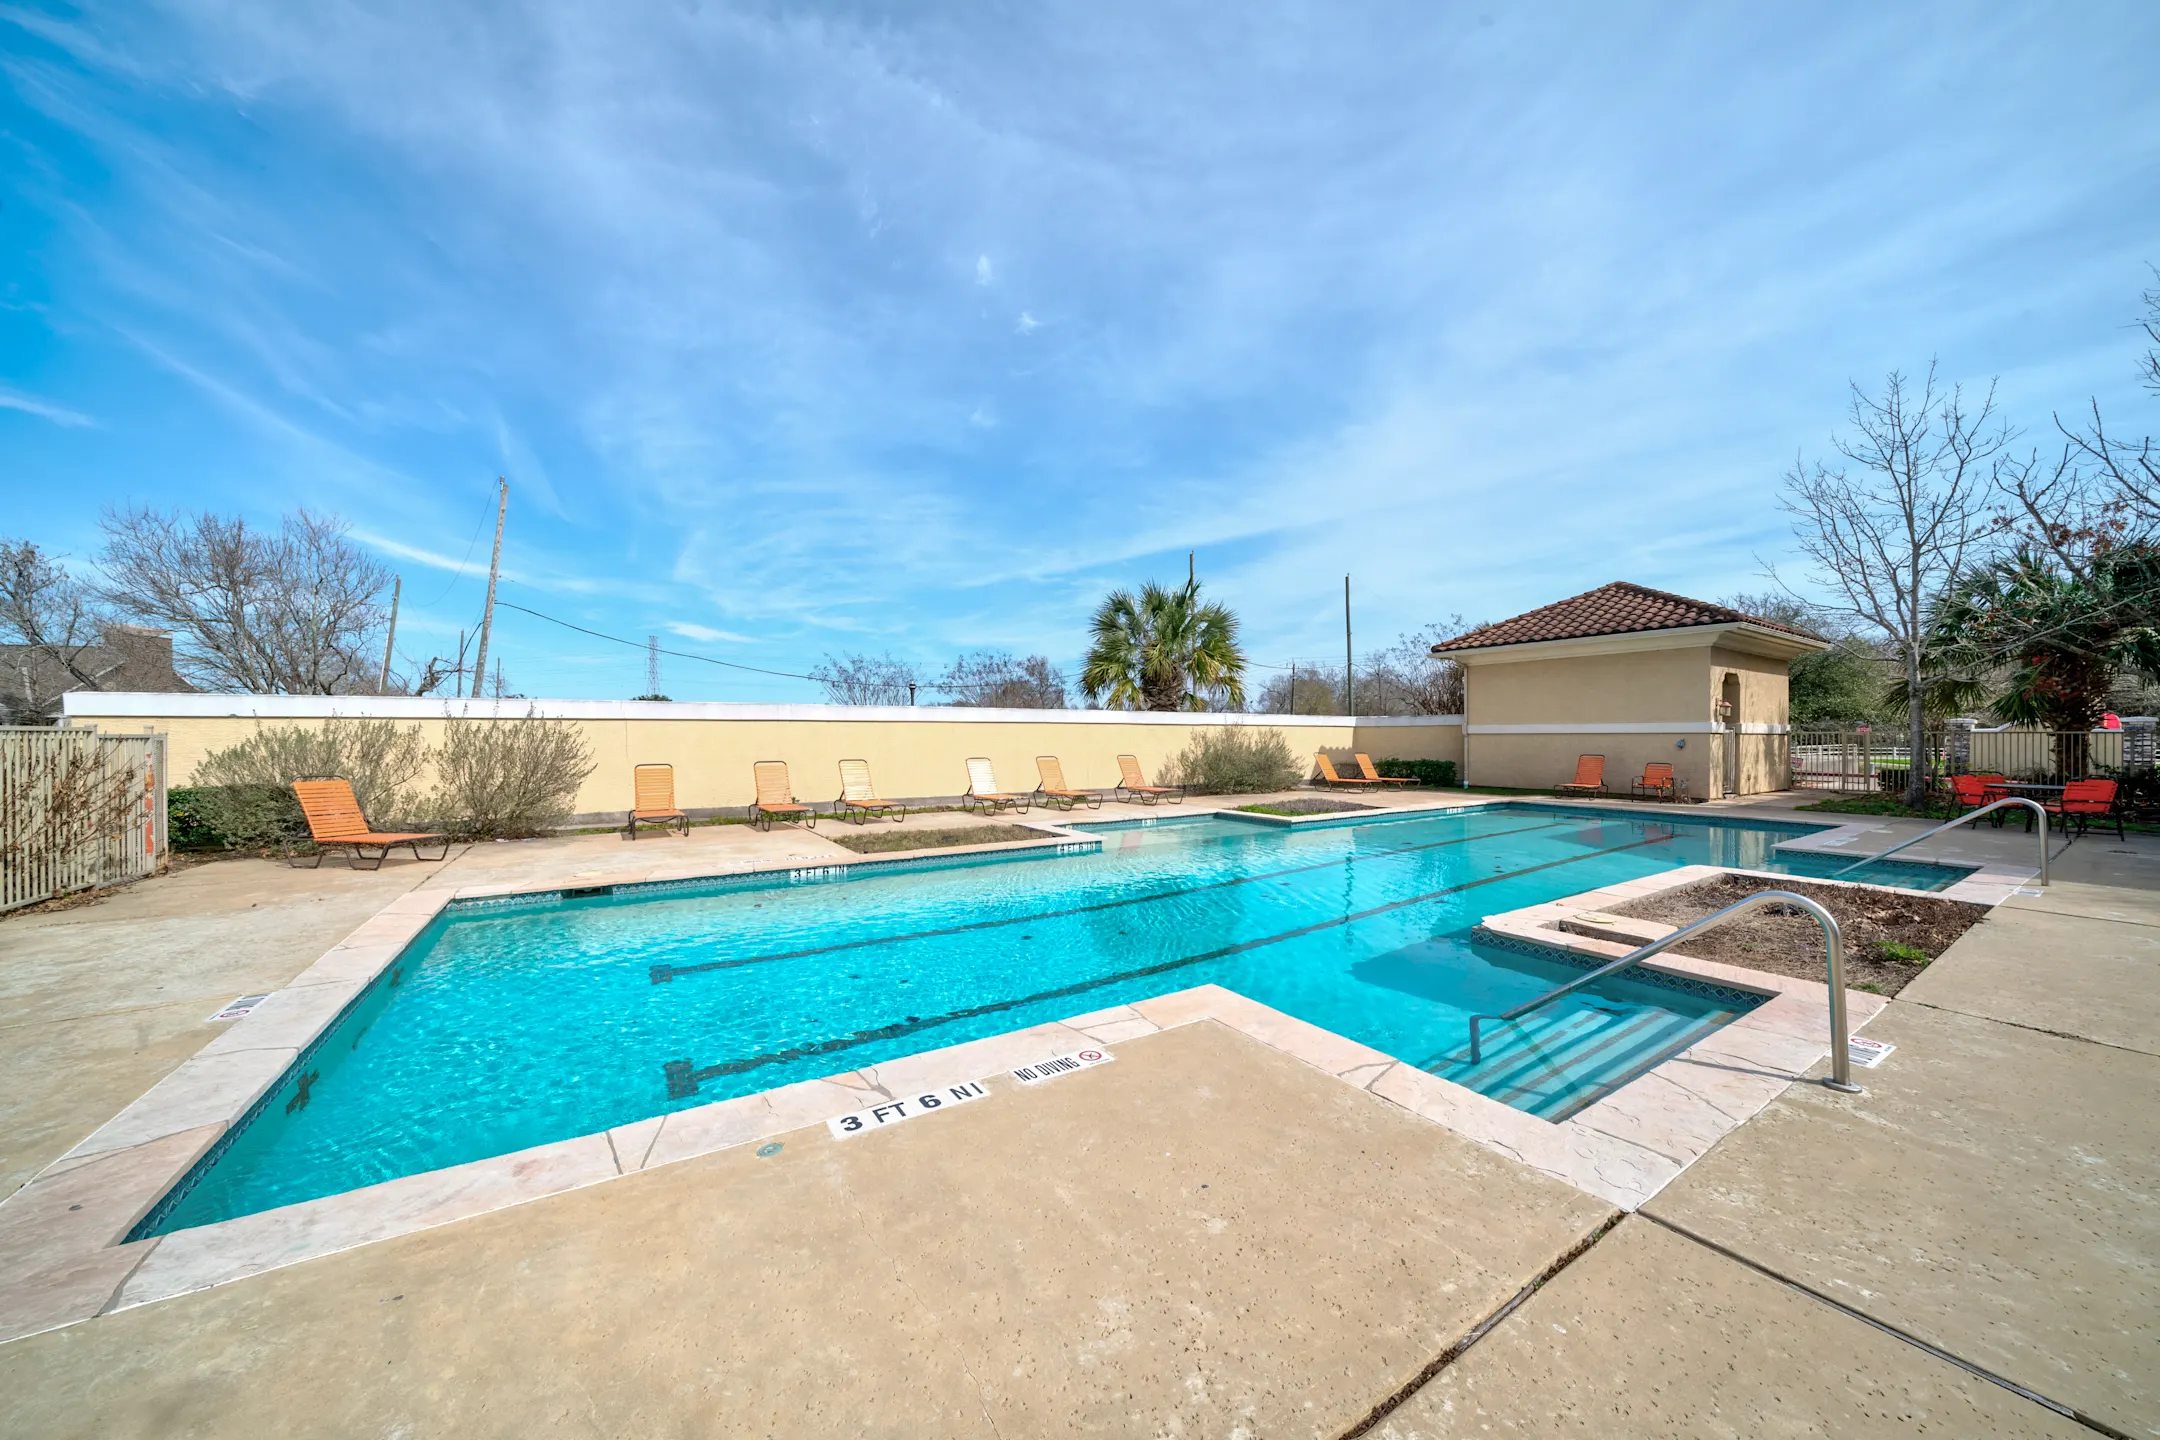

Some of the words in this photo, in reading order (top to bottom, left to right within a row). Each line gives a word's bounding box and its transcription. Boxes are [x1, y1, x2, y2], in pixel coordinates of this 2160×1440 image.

[795, 868, 801, 878] 3
[806, 867, 817, 877] FT
[834, 864, 845, 874] IN
[1013, 1068, 1038, 1082] NO
[1034, 1057, 1081, 1076] DIVING
[840, 1116, 863, 1132] 3
[872, 1102, 907, 1123] FT
[918, 1094, 942, 1109] 6
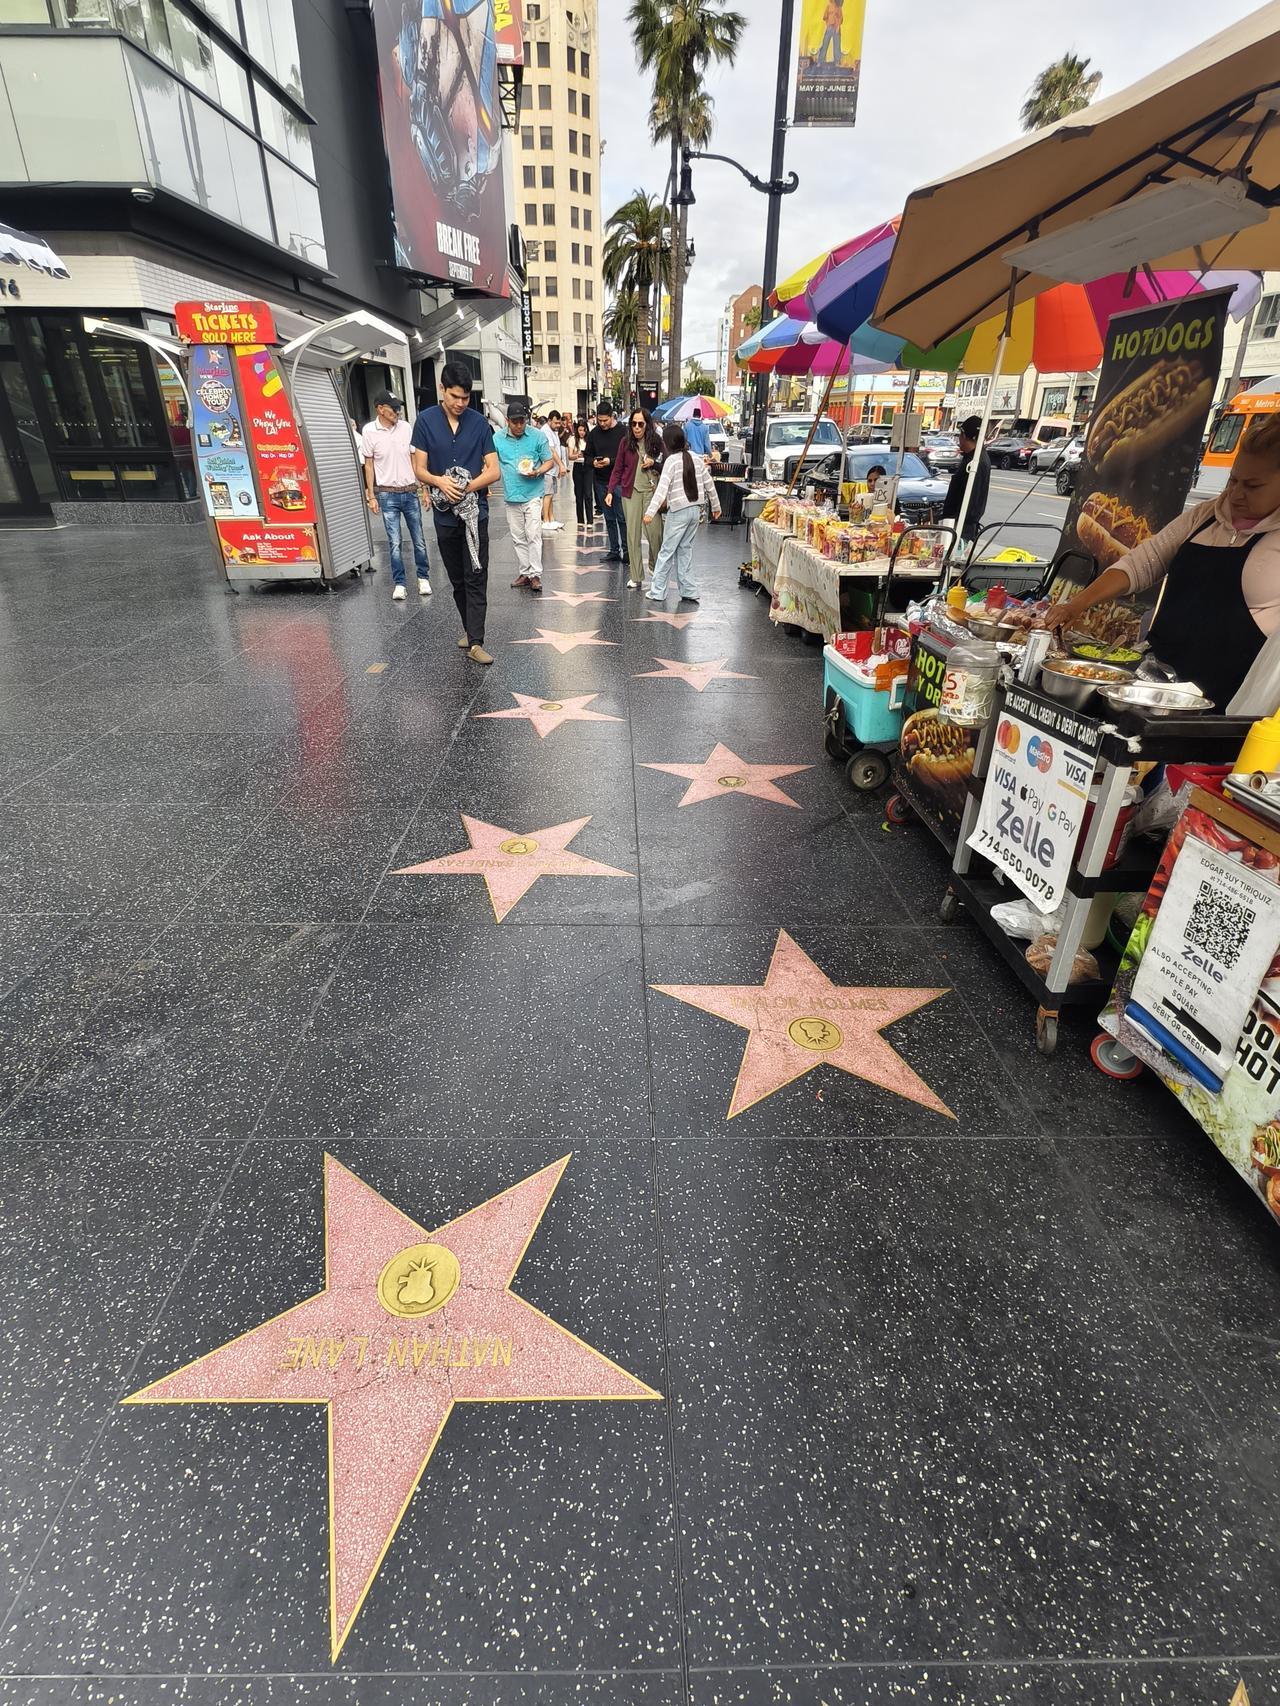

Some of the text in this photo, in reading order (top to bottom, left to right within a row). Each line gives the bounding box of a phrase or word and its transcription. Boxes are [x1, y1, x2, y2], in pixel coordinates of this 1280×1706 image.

[436, 221, 481, 266] BREAK FREE
[192, 313, 258, 331] TICKETS
[202, 332, 256, 343] SOLD HERE
[522, 294, 532, 352] Foot Locker
[1112, 315, 1216, 361] HOTDOGS
[649, 350, 658, 361] M
[196, 387, 232, 396] CELEBRITY
[1255, 400, 1275, 408] Metro
[253, 418, 291, 429] Show You
[264, 410, 276, 419] We
[874, 489, 888, 501] IPS
[917, 648, 945, 684] HOT
[918, 674, 942, 707] Y DR
[1005, 692, 1098, 748] WE ACCEPT ALL CREDIT & DEBIT CARDS
[994, 765, 1017, 795] VISA
[1065, 761, 1087, 786] VISA
[1027, 788, 1044, 816] Pay
[996, 796, 1055, 868] Zelle
[1058, 811, 1077, 838] Pay
[979, 830, 1055, 900] 714-650-0078
[1201, 858, 1272, 905] EDGAR SUY TIRIQUIZ
[1151, 946, 1215, 997] ALSO ACCEPTING:
[1180, 944, 1224, 984] Zelle
[1160, 966, 1199, 999] APPLE PAY
[809, 997, 890, 1011] HOLMES
[1171, 989, 1199, 1017] SQUARE
[1152, 1001, 1207, 1055] DEBIT OR CREDIT
[280, 1336, 514, 1369] NATHAN LANE
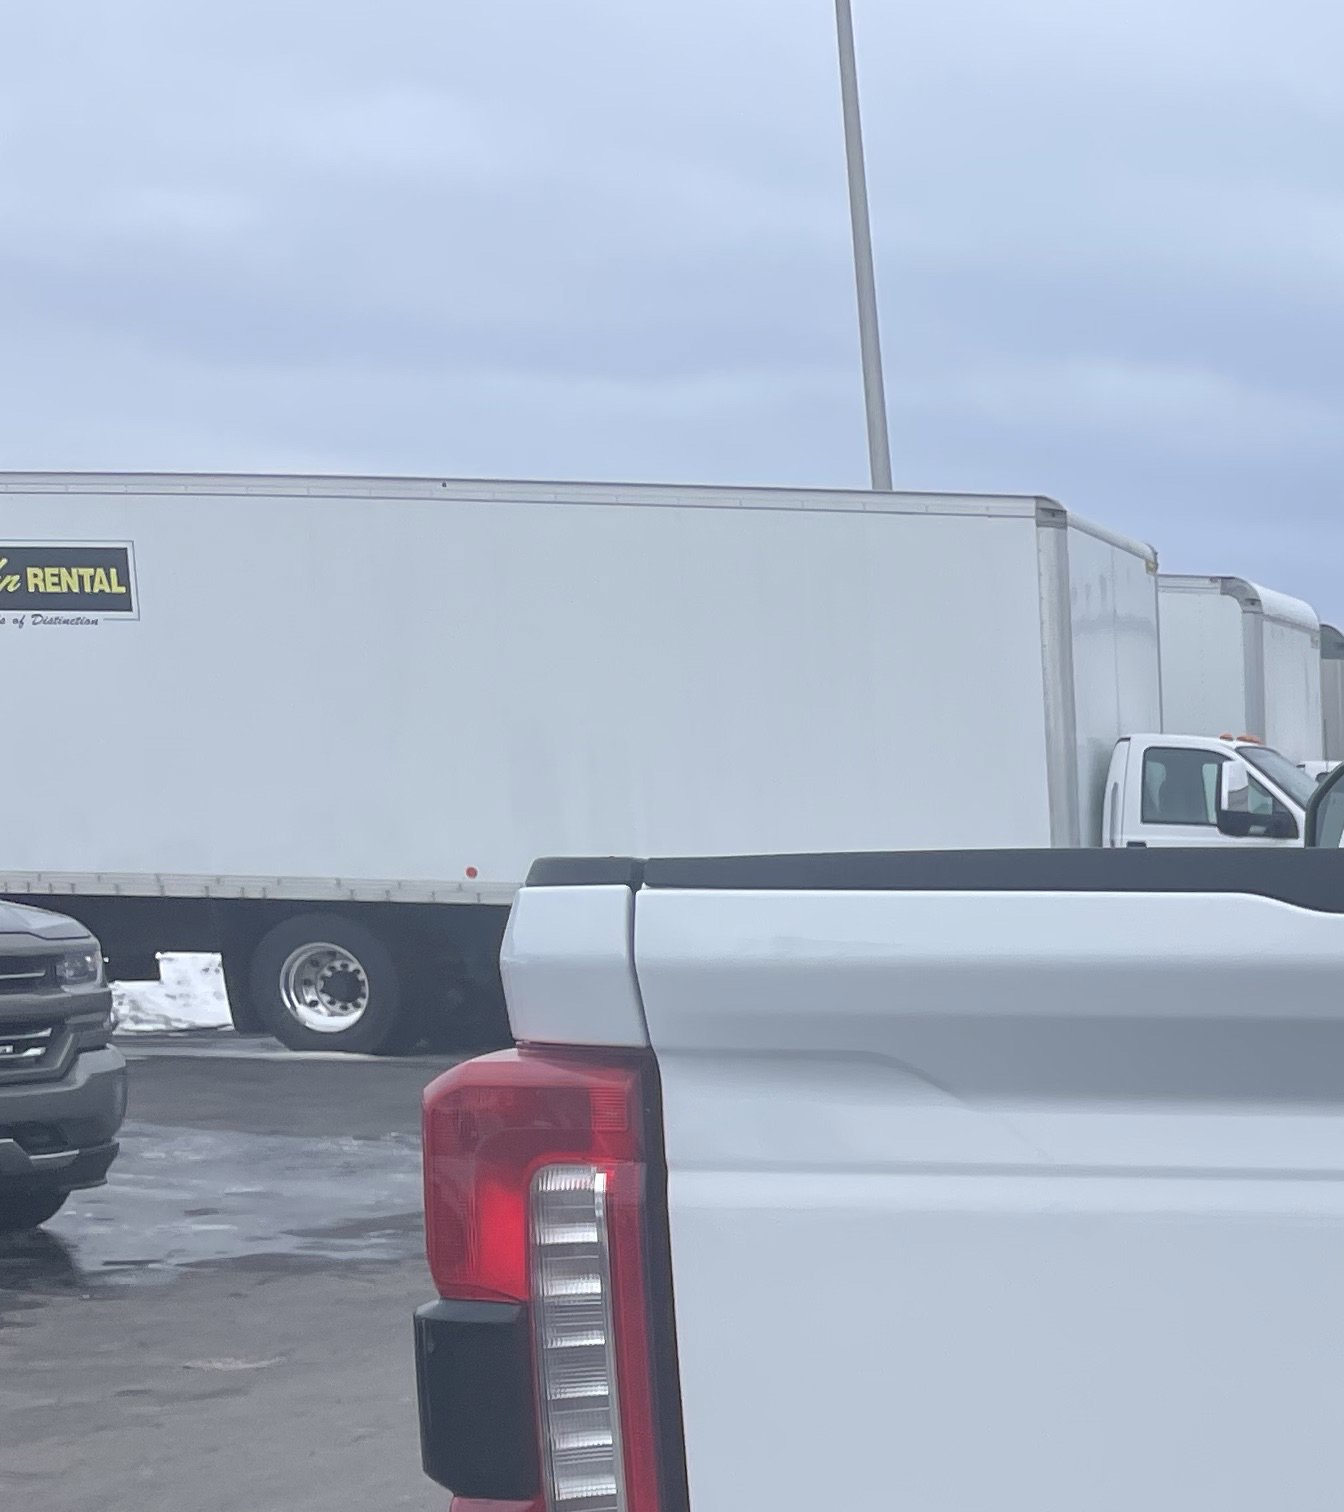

+ + + + +

**AIM OF THE TASK:** What this calls for is a word-for-word copy of the listing above, pictures excluded.

**OUTPUT BELOW:**
Some of the words in this photo, in reading order (top to bottom, left to right within a row). Each line gives a word's bounding box and its transcription. Boxes are [x1, y1, x2, y2], in pixel coordinates of this 2160×1440 image.

[795, 868, 801, 878] 3
[806, 867, 817, 877] FT
[834, 864, 845, 874] IN
[1013, 1068, 1038, 1082] NO
[1034, 1057, 1081, 1076] DIVING
[840, 1116, 863, 1132] 3
[872, 1102, 907, 1123] FT
[918, 1094, 942, 1109] 6

Some of the text in this photo, in reading order (top to bottom, left to right within a row). Each line gives the bounding box of a phrase or word and its transcription. Boxes are [x1, y1, x2, y2], in pixel coordinates of this 1280×1706 image.

[436, 221, 481, 266] BREAK FREE
[192, 313, 258, 331] TICKETS
[202, 332, 256, 343] SOLD HERE
[522, 294, 532, 352] Foot Locker
[1112, 315, 1216, 361] HOTDOGS
[649, 350, 658, 361] M
[196, 387, 232, 396] CELEBRITY
[1255, 400, 1275, 408] Metro
[253, 418, 291, 429] Show You
[264, 410, 276, 419] We
[874, 489, 888, 501] IPS
[917, 648, 945, 684] HOT
[918, 674, 942, 707] Y DR
[1005, 692, 1098, 748] WE ACCEPT ALL CREDIT & DEBIT CARDS
[994, 765, 1017, 795] VISA
[1065, 761, 1087, 786] VISA
[1027, 788, 1044, 816] Pay
[996, 796, 1055, 868] Zelle
[1058, 811, 1077, 838] Pay
[979, 830, 1055, 900] 714-650-0078
[1201, 858, 1272, 905] EDGAR SUY TIRIQUIZ
[1151, 946, 1215, 997] ALSO ACCEPTING:
[1180, 944, 1224, 984] Zelle
[1160, 966, 1199, 999] APPLE PAY
[809, 997, 890, 1011] HOLMES
[1171, 989, 1199, 1017] SQUARE
[1152, 1001, 1207, 1055] DEBIT OR CREDIT
[280, 1336, 514, 1369] NATHAN LANE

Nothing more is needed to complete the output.